Feeds:
Posts
Comments

Posts Tagged ‘Quotes’


Nearly all men can stand adversity, but if you want to test a man’s character, give him power.

–NOT Abraham Lincoln


I was thinking about character this morning and came across the quote above, which has been used on occasion by political organizations in recent times and is usually attributed to Abraham Lincoln.

Great words and most likely the truth.

But it turns out that the words were actually not from Lincoln but instead were spoken about Lincoln.  The words actually come from my new hero of words, Robert Green Ingersoll, who I briefly profiled in a blog post this past week.

In 1883, at an event in Washington DC, Ingersoll was introducing a speaker who was going to lecture on the late President Lincoln. During his introduction Ingersoll said of Lincoln’s prowess as an orator, comparing Lincoln’s speech at Gettysburgwith that of the speaker, Edward Everett, who followed him and rambled on for a very long time :

“… If you want to know the difference between an orator and a speaker, read the oration of Lincoln at Gettysburg, and then read the speech of Everett at the same place. One came from the heart, the other was born only of the voice. Lincoln’s speech will be remembered forever. Everett’s no man will read. It was like plucked flowers.

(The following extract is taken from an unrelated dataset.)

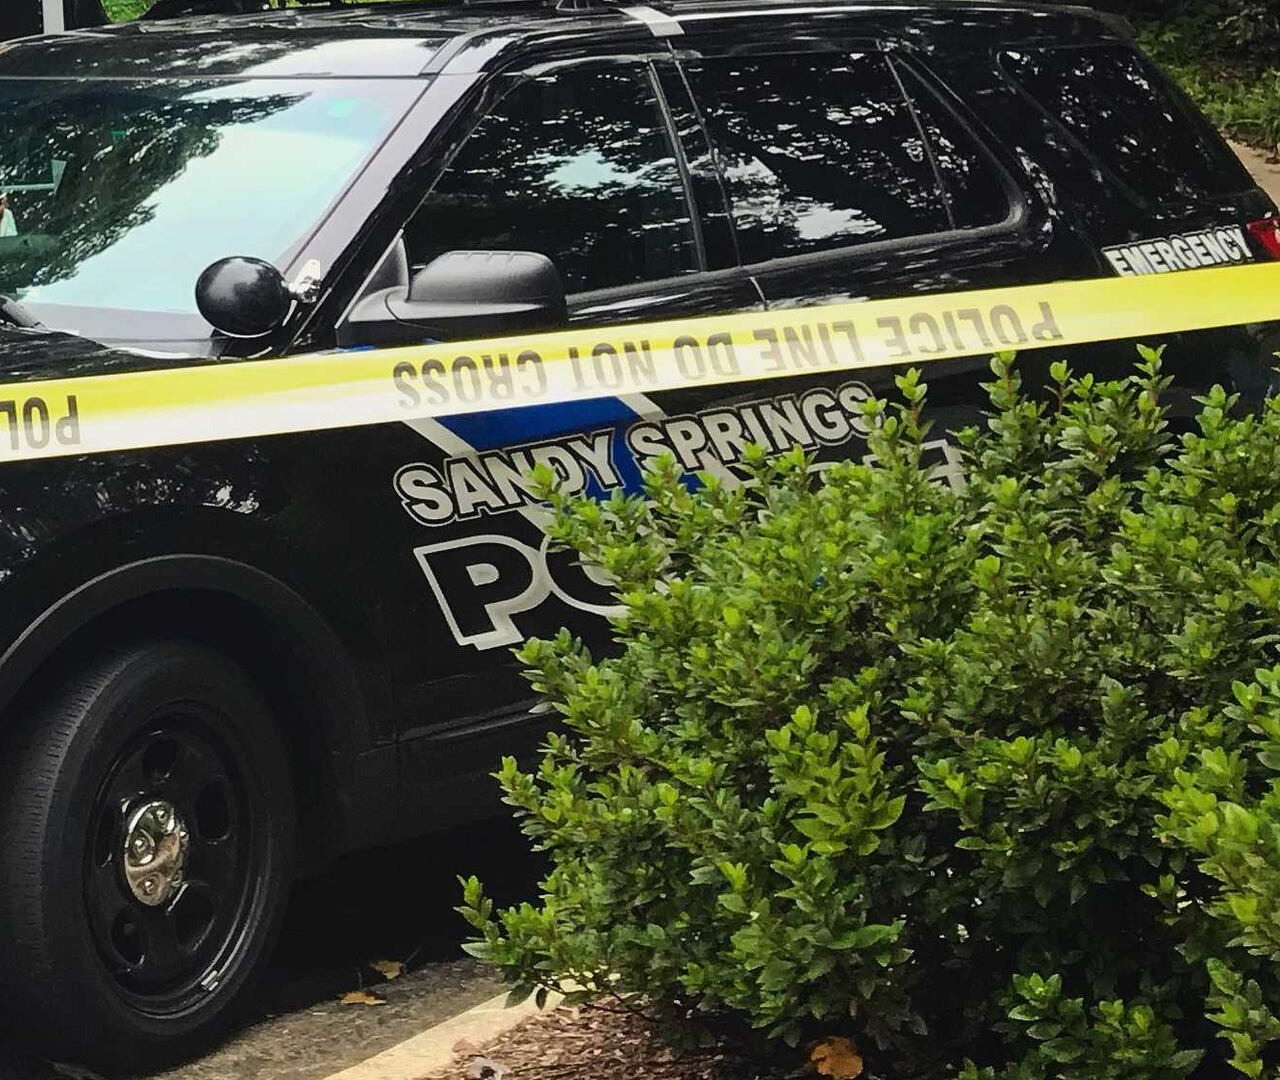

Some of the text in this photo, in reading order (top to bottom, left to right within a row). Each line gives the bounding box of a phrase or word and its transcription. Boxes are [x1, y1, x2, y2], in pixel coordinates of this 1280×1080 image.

[1101, 224, 1254, 277] EMERGENCY
[392, 301, 1064, 410] POLICE LINE DO NOT CROSS
[393, 380, 886, 527] SANDY SPRINGS

After a round of applause, Ingersoll then added:

If you want to find out what a man is to the bottom, give him power. Any man can stand adversity — only a great man can stand prosperity. It is the glory of Abraham Lincoln that he never abused power only on the side of mercy. [Applause]. He was a perfectly honest man. When he had power, he used it in mercy …”

Ingersoll modified these comments for a later lecture on Lincoln:

“Nothing discloses real character like the use of power. It is easy for the weak to be gentle. Most people can bear adversity. But if you wish to know what a man really is, give him power. This is the supreme test. It is the glory of Lincoln that, having almost absolute power, he never abused it, except on the side of mercy.”

Over the years, Ingersoll’s words were used often in many newspapers and magazines and correctly attributed to him. But as time wore on, his words were condensed down to the form you see at the top with Ingersoll’s name being forgotten, instead replaced by the very man of which he spoke.

As great and lauded as he was, Bob Ingersoll was just destined to be overlooked by history, I guess.

But his observation on character certainly holds true today.

We have a man who holds what is most likely the most powerful position in the world, the president*** of the USA, who has been given ( and has taken) almost absolute power. It has certainly revealed his true character.

And it ain’t pretty.

A multitude of revelations have come out in recent days, all painting him (almost always with his own words) as the soulless, selfish, ugly creature, something that seems so obvious to me and many others by the simple witnessing of his actions. Yet, reading through the reactions of his ardent followers on social media, it is portrayed as some sort of character assassination.

My question is: Can it be character assassination when the character of the person ( I am giving him the benefit of a doubt here, folks) in question is fully revealed as it truly is?

His actions and his words– spoken in his recorded voice— all reveal a character that is lacking any positive attributes. It is a character that shows itself as being small in scale and weak in practice.

It is a character that would let tens of thousands–maybe even hundreds of thousands– of the citizens he was entrusted to protect die, suffer and lose their livelihoods so that he might protect his political and financial aspirations.

He has told us who he is with his own words and he has demonstrated his character day after day for the past four years.

If at this point, you still believe that he has a reverence for or loyalty to this country, a respect for its citizens, or any interests beyond his own, you, my friend, are a fool.

I am going to condense that for you, probably not in a way that would please the great Robert G. Ingersoll:

If you still support this goddamn creep, you’re a fucking idiot.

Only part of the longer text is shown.